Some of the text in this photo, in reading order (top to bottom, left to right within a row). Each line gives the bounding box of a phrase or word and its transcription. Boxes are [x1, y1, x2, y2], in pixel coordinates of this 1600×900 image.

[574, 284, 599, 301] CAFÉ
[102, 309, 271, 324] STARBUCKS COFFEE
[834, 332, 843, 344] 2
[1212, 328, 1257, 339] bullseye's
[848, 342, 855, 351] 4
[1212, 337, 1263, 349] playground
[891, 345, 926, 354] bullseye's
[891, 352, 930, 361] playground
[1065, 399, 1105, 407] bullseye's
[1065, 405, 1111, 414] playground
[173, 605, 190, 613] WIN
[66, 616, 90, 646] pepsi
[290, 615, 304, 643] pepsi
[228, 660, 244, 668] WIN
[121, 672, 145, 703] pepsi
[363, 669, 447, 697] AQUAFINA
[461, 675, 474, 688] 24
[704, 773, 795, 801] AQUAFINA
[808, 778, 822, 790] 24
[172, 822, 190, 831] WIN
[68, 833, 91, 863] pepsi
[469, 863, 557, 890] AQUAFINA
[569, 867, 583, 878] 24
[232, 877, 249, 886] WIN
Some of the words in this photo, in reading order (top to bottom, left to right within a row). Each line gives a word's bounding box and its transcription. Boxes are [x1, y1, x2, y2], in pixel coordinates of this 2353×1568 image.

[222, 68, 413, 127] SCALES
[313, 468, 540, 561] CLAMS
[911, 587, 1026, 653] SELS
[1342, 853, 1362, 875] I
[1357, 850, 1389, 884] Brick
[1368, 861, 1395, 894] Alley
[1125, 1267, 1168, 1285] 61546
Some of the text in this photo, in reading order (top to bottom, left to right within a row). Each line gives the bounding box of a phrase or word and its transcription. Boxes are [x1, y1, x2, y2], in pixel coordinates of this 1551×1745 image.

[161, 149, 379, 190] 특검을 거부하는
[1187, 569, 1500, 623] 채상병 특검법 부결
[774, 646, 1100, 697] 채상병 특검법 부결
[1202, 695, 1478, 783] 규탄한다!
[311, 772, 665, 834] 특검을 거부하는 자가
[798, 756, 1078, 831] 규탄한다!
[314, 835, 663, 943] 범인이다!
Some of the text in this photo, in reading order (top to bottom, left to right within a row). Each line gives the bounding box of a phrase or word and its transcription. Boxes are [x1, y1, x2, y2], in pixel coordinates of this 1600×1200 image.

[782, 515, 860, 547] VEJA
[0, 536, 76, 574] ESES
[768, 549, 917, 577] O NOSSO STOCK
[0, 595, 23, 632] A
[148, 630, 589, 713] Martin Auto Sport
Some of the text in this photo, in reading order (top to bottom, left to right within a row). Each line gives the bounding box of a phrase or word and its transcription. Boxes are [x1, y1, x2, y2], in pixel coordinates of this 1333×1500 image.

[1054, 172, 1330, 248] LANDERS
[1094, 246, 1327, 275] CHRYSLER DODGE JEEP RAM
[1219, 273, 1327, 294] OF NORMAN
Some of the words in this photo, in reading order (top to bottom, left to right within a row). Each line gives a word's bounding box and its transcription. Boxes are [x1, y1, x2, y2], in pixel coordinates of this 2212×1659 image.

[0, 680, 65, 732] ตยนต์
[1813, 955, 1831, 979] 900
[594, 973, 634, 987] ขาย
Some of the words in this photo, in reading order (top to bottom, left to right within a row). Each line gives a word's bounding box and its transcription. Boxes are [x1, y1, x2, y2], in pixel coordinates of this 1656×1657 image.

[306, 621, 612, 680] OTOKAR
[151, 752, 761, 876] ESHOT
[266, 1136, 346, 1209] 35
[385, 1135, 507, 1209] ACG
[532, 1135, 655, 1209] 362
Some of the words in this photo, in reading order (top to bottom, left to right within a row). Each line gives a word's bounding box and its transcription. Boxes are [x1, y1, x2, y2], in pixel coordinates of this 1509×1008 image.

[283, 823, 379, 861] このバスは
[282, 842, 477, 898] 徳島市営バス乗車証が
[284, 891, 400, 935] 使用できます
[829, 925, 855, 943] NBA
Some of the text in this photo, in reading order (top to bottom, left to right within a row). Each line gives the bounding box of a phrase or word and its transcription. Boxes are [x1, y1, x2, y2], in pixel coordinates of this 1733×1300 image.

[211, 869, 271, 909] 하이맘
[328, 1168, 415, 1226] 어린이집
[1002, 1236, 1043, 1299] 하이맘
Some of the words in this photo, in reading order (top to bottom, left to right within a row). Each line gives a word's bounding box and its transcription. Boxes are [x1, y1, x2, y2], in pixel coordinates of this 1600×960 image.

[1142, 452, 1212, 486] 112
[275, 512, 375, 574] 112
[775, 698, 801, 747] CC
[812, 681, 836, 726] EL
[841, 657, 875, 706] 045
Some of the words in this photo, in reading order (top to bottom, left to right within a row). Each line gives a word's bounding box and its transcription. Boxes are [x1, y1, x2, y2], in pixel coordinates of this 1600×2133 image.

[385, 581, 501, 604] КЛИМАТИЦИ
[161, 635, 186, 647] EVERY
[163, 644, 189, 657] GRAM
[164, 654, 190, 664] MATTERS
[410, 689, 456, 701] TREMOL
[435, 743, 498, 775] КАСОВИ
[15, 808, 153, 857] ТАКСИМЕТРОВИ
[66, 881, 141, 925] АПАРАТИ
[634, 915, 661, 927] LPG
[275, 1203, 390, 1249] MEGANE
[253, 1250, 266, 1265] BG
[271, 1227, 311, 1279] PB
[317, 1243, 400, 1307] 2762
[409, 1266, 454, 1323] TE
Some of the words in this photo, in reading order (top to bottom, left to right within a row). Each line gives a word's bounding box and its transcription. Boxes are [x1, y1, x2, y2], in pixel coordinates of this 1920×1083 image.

**About this exercise**
Output the records exactly, including every line.

**Result of this task**
Some of the text in this photo, in reading order (top to bottom, left to right within a row). Each line gives the bounding box of a phrase or word and its transcription. Boxes are [x1, y1, x2, y2], in pixel coordinates of this 1600×900 image.

[574, 284, 599, 301] CAFÉ
[102, 309, 271, 324] STARBUCKS COFFEE
[834, 332, 843, 344] 2
[1212, 328, 1257, 339] bullseye's
[848, 342, 855, 351] 4
[1212, 337, 1263, 349] playground
[891, 345, 926, 354] bullseye's
[891, 352, 930, 361] playground
[1065, 399, 1105, 407] bullseye's
[1065, 405, 1111, 414] playground
[173, 605, 190, 613] WIN
[66, 616, 90, 646] pepsi
[290, 615, 304, 643] pepsi
[228, 660, 244, 668] WIN
[121, 672, 145, 703] pepsi
[363, 669, 447, 697] AQUAFINA
[461, 675, 474, 688] 24
[704, 773, 795, 801] AQUAFINA
[808, 778, 822, 790] 24
[172, 822, 190, 831] WIN
[68, 833, 91, 863] pepsi
[469, 863, 557, 890] AQUAFINA
[569, 867, 583, 878] 24
[232, 877, 249, 886] WIN
Some of the words in this photo, in reading order (top to bottom, left to right within a row). Each line gives a word's bounding box and its transcription. Boxes are [x1, y1, x2, y2], in pixel coordinates of this 2353×1568 image.

[222, 68, 413, 127] SCALES
[313, 468, 540, 561] CLAMS
[911, 587, 1026, 653] SELS
[1342, 853, 1362, 875] I
[1357, 850, 1389, 884] Brick
[1368, 861, 1395, 894] Alley
[1125, 1267, 1168, 1285] 61546
Some of the text in this photo, in reading order (top to bottom, left to right within a row). Each line gives the bounding box of a phrase or word and its transcription. Boxes are [x1, y1, x2, y2], in pixel coordinates of this 1551×1745 image.

[161, 149, 379, 190] 특검을 거부하는
[1187, 569, 1500, 623] 채상병 특검법 부결
[774, 646, 1100, 697] 채상병 특검법 부결
[1202, 695, 1478, 783] 규탄한다!
[311, 772, 665, 834] 특검을 거부하는 자가
[798, 756, 1078, 831] 규탄한다!
[314, 835, 663, 943] 범인이다!
Some of the text in this photo, in reading order (top to bottom, left to right within a row). Each line gives the bounding box of a phrase or word and its transcription. Boxes are [x1, y1, x2, y2], in pixel coordinates of this 1600×1200 image.

[782, 515, 860, 547] VEJA
[0, 536, 76, 574] ESES
[768, 549, 917, 577] O NOSSO STOCK
[0, 595, 23, 632] A
[148, 630, 589, 713] Martin Auto Sport
Some of the text in this photo, in reading order (top to bottom, left to right within a row). Each line gives the bounding box of a phrase or word and its transcription. Boxes are [x1, y1, x2, y2], in pixel coordinates of this 1333×1500 image.

[1054, 172, 1330, 248] LANDERS
[1094, 246, 1327, 275] CHRYSLER DODGE JEEP RAM
[1219, 273, 1327, 294] OF NORMAN
Some of the words in this photo, in reading order (top to bottom, left to right within a row). Each line gives a word's bounding box and its transcription. Boxes are [x1, y1, x2, y2], in pixel coordinates of this 2212×1659 image.

[0, 680, 65, 732] ตยนต์
[1813, 955, 1831, 979] 900
[594, 973, 634, 987] ขาย
Some of the words in this photo, in reading order (top to bottom, left to right within a row). Each line gives a word's bounding box and its transcription. Boxes are [x1, y1, x2, y2], in pixel coordinates of this 1656×1657 image.

[306, 621, 612, 680] OTOKAR
[151, 752, 761, 876] ESHOT
[266, 1136, 346, 1209] 35
[385, 1135, 507, 1209] ACG
[532, 1135, 655, 1209] 362
Some of the words in this photo, in reading order (top to bottom, left to right within a row). Each line gives a word's bounding box and its transcription. Boxes are [x1, y1, x2, y2], in pixel coordinates of this 1509×1008 image.

[283, 823, 379, 861] このバスは
[282, 842, 477, 898] 徳島市営バス乗車証が
[284, 891, 400, 935] 使用できます
[829, 925, 855, 943] NBA
Some of the text in this photo, in reading order (top to bottom, left to right within a row). Each line gives the bounding box of a phrase or word and its transcription. Boxes are [x1, y1, x2, y2], in pixel coordinates of this 1733×1300 image.

[211, 869, 271, 909] 하이맘
[328, 1168, 415, 1226] 어린이집
[1002, 1236, 1043, 1299] 하이맘
Some of the words in this photo, in reading order (top to bottom, left to right within a row). Each line gives a word's bounding box and its transcription. Boxes are [x1, y1, x2, y2], in pixel coordinates of this 1600×960 image.

[1142, 452, 1212, 486] 112
[275, 512, 375, 574] 112
[775, 698, 801, 747] CC
[812, 681, 836, 726] EL
[841, 657, 875, 706] 045
Some of the words in this photo, in reading order (top to bottom, left to right within a row). Each line gives a word's bounding box and its transcription. Boxes are [x1, y1, x2, y2], in pixel coordinates of this 1600×2133 image.

[385, 581, 501, 604] КЛИМАТИЦИ
[161, 635, 186, 647] EVERY
[163, 644, 189, 657] GRAM
[164, 654, 190, 664] MATTERS
[410, 689, 456, 701] TREMOL
[435, 743, 498, 775] КАСОВИ
[15, 808, 153, 857] ТАКСИМЕТРОВИ
[66, 881, 141, 925] АПАРАТИ
[634, 915, 661, 927] LPG
[275, 1203, 390, 1249] MEGANE
[253, 1250, 266, 1265] BG
[271, 1227, 311, 1279] PB
[317, 1243, 400, 1307] 2762
[409, 1266, 454, 1323] TE
Some of the words in this photo, in reading order (top to bottom, left to right within a row). Each line gives a word's bounding box and its transcription. Boxes are [x1, y1, x2, y2], in pixel coordinates of this 1920×1083 image.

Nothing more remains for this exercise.